As a participant in the NOLA Anthropocene Campus, I have gained insights on how communities, stewards, and managers of ecosystems in New Orleans have rolled out forms of interspecies care vis-à-vis ongoing environmental changes, coastal erosion, climate catastrophes and their deeply present and current effects (i.e., the 2010 BP oil disaster). Whilst much analytical lens has been given to geospatial changes in the study of the Anthropocene, here, I focus on how relations to non-human beings, also threatened by the changing tides of NOLA’s waterscapes, can enrich our understanding of such global transformations.

After disasters like Katrina, urban floodwaters harbored many hidden perils in the form of microbes that cause disease. Pathogenic bacterial exposure occurred when wastewater treatment plants and underground sewage got flooded, thus affecting the microbial landscape of New Orleans and increasing the potential of public health risks throughout Southern Louisiana. But one need not wait for a disaster event like Katrina to face these perils. Quotidian activities like decades of human waste and sewage pollution have contaminated public beaches now filled with lurking microbes. Even street puddle waters, such as those found on Bourbon Street, contain unsanitary bacteria level from years of close human exploitation of horses and inadequate drainage in 100-year old thoroughfares. More recently, microbial ecologies have also changed in the Gulf of Mexico due to the harnessing of energy resources like petroleum. Lush habitats for countless species are more and more in danger sounding the bells of extinction for the imperiled southern wild.

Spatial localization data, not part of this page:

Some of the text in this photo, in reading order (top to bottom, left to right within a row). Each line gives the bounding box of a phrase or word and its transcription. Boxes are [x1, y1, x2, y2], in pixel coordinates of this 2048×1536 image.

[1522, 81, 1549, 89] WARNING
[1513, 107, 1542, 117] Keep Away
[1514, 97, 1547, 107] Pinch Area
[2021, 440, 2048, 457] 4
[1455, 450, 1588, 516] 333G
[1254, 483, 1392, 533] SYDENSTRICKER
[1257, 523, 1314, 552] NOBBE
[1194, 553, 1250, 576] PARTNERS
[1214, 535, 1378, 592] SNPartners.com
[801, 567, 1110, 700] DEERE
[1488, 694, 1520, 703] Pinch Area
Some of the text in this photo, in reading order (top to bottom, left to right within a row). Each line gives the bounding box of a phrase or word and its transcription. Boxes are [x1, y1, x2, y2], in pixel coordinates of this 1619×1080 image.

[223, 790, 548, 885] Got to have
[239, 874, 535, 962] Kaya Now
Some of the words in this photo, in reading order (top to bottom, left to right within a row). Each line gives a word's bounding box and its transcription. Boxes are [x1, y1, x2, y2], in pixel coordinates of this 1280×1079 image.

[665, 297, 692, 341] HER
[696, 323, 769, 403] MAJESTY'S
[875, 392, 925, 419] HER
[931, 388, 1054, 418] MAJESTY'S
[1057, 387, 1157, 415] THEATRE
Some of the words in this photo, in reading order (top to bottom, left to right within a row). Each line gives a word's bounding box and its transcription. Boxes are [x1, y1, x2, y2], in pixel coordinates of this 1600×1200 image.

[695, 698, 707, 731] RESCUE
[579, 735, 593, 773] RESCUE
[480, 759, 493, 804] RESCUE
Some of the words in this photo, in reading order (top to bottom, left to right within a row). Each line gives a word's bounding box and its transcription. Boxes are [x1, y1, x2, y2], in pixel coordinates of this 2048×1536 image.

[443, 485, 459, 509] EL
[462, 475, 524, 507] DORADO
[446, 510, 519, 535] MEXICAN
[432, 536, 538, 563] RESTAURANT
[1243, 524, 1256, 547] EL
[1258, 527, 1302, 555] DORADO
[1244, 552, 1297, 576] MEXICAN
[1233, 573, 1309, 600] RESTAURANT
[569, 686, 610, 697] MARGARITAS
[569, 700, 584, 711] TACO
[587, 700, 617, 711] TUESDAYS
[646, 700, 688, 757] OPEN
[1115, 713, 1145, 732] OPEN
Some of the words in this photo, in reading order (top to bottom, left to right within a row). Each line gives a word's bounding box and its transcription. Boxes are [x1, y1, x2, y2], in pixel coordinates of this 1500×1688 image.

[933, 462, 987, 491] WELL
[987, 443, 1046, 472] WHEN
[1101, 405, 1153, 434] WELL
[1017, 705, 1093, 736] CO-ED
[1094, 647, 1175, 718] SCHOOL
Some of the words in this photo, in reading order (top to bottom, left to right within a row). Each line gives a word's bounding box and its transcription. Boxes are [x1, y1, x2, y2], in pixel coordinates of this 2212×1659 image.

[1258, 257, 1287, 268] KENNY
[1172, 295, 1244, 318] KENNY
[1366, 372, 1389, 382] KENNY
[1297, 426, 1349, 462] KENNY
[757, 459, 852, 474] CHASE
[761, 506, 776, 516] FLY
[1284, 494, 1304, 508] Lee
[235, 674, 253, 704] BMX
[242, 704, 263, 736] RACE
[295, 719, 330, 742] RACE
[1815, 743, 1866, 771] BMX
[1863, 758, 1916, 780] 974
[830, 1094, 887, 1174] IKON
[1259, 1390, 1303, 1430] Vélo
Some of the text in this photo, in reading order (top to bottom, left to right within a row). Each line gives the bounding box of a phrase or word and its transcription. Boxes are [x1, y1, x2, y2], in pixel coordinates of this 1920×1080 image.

Human-alteration has severely damaged the wetland marshes and swamps that would have protected New Orleans from drowning in the water surge that Hurricane Katrina brought from the Gulf of Mexico. The latter is something that lifelong residents (i.e., indigenous coastal groups) of the Mississippi River Mouth have been pointing to for a  long time. Over the past century, the river delta’s “natural” infrastructure has been altered by the leveeing of the Mississippi River. Consequently, much of the silt and sediments that would generally run south and deposit in the river mouth to refeed the delta get siphoned off earlier upstream by various irrigation systems.

Emerging Interspecies Relations

AlbertoM

While some actors see it as a futile effort, there have been many proposals to restore the Mississippi River Delta. For instance, the aerial planting of mangrove seeds has even been recommended to help protect the struggling marshes and Louisiana’s coastal region. Tierra Resources, a wetland’s restoration company, proposed that bombing Lousiana’s coast with mangrove seeds could save it. Mangrove root systems are especially useful in providing structures to trap sediments and provide habitats for countless species. Additionally, mangroves have been touted as highly efficient species in carbon sequestration, thus taking carbon dioxide out of the biosphere.

Species diffusion into new environments has been of great concern for the different lifeways these soggy localities sustain, whether human or non-human. Many so-called “invasive species” have been identified throughout the river delta by researchers at the Center for Bioenvironmental Research hosted by Tulane and Xavier University. Such species have disrupted local ecological relations and practices and have had profound economic effects. Some plants have even entirely blocked waterways in the swamps and estuaries where salt and freshwater mix. 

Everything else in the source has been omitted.